Records provided below:
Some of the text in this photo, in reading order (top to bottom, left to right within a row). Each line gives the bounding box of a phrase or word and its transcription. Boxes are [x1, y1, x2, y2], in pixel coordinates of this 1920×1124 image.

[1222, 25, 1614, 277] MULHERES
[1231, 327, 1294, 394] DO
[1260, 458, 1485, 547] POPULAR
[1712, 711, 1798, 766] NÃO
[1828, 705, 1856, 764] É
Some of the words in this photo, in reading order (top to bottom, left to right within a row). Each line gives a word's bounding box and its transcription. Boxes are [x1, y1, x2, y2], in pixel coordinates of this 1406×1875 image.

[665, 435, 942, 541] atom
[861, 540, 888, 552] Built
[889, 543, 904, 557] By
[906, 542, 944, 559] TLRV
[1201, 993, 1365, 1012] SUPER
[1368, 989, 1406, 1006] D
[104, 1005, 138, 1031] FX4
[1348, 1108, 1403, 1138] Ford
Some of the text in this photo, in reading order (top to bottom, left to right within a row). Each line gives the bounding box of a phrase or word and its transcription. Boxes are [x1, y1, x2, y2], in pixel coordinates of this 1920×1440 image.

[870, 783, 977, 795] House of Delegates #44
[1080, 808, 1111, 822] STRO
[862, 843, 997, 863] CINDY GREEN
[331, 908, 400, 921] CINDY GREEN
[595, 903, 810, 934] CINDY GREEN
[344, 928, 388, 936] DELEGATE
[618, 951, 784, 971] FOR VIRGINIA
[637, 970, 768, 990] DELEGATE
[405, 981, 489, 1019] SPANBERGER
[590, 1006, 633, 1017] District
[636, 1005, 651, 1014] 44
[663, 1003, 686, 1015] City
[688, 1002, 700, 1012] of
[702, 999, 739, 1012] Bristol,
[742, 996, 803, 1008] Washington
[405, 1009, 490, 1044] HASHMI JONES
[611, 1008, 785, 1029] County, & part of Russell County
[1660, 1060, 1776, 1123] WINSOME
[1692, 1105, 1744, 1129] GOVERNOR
End of Records provided.
Answer with an exact copy of the lines from the one containing "this 1920×1440 image." through the end of the entries above, leaving out everything before.

Some of the text in this photo, in reading order (top to bottom, left to right within a row). Each line gives the bounding box of a phrase or word and its transcription. Boxes are [x1, y1, x2, y2], in pixel coordinates of this 1920×1440 image.

[870, 783, 977, 795] House of Delegates #44
[1080, 808, 1111, 822] STRO
[862, 843, 997, 863] CINDY GREEN
[331, 908, 400, 921] CINDY GREEN
[595, 903, 810, 934] CINDY GREEN
[344, 928, 388, 936] DELEGATE
[618, 951, 784, 971] FOR VIRGINIA
[637, 970, 768, 990] DELEGATE
[405, 981, 489, 1019] SPANBERGER
[590, 1006, 633, 1017] District
[636, 1005, 651, 1014] 44
[663, 1003, 686, 1015] City
[688, 1002, 700, 1012] of
[702, 999, 739, 1012] Bristol,
[742, 996, 803, 1008] Washington
[405, 1009, 490, 1044] HASHMI JONES
[611, 1008, 785, 1029] County, & part of Russell County
[1660, 1060, 1776, 1123] WINSOME
[1692, 1105, 1744, 1129] GOVERNOR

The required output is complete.